───── STORED DATA ─────
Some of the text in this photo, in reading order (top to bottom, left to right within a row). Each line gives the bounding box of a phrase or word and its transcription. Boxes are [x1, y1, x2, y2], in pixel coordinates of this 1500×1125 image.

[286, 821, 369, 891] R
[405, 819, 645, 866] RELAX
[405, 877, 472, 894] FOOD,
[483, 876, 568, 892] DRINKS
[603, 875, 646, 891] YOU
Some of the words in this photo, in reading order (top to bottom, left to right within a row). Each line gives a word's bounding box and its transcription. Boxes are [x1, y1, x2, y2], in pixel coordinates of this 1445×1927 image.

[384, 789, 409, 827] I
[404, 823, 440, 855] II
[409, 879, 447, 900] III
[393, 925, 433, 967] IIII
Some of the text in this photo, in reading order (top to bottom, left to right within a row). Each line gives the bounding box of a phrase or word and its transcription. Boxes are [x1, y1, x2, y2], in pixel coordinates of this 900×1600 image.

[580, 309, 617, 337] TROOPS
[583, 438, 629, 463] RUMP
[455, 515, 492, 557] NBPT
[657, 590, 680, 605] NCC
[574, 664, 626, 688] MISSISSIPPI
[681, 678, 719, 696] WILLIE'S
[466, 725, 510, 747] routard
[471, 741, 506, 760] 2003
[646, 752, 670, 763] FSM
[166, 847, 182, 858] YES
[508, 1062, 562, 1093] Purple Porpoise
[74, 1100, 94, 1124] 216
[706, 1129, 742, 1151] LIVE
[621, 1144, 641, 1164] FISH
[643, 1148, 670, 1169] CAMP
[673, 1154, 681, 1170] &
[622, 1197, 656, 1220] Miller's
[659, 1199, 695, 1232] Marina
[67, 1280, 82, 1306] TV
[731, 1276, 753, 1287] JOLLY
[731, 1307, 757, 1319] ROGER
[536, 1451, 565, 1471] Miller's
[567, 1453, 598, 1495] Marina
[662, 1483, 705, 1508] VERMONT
─────
EXERCISE INSTRUCTIONS ▸
Each entry above is to be transcribed word for word.

TASK SOLUTION ▸
Some of the text in this photo, in reading order (top to bottom, left to right within a row). Each line gives the bounding box of a phrase or word and its transcription. Boxes are [x1, y1, x2, y2], in pixel coordinates of this 1500×1125 image.

[286, 821, 369, 891] R
[405, 819, 645, 866] RELAX
[405, 877, 472, 894] FOOD,
[483, 876, 568, 892] DRINKS
[603, 875, 646, 891] YOU
Some of the words in this photo, in reading order (top to bottom, left to right within a row). Each line gives a word's bounding box and its transcription. Boxes are [x1, y1, x2, y2], in pixel coordinates of this 1445×1927 image.

[384, 789, 409, 827] I
[404, 823, 440, 855] II
[409, 879, 447, 900] III
[393, 925, 433, 967] IIII
Some of the text in this photo, in reading order (top to bottom, left to right within a row). Each line gives the bounding box of a phrase or word and its transcription. Boxes are [x1, y1, x2, y2], in pixel coordinates of this 900×1600 image.

[580, 309, 617, 337] TROOPS
[583, 438, 629, 463] RUMP
[455, 515, 492, 557] NBPT
[657, 590, 680, 605] NCC
[574, 664, 626, 688] MISSISSIPPI
[681, 678, 719, 696] WILLIE'S
[466, 725, 510, 747] routard
[471, 741, 506, 760] 2003
[646, 752, 670, 763] FSM
[166, 847, 182, 858] YES
[508, 1062, 562, 1093] Purple Porpoise
[74, 1100, 94, 1124] 216
[706, 1129, 742, 1151] LIVE
[621, 1144, 641, 1164] FISH
[643, 1148, 670, 1169] CAMP
[673, 1154, 681, 1170] &
[622, 1197, 656, 1220] Miller's
[659, 1199, 695, 1232] Marina
[67, 1280, 82, 1306] TV
[731, 1276, 753, 1287] JOLLY
[731, 1307, 757, 1319] ROGER
[536, 1451, 565, 1471] Miller's
[567, 1453, 598, 1495] Marina
[662, 1483, 705, 1508] VERMONT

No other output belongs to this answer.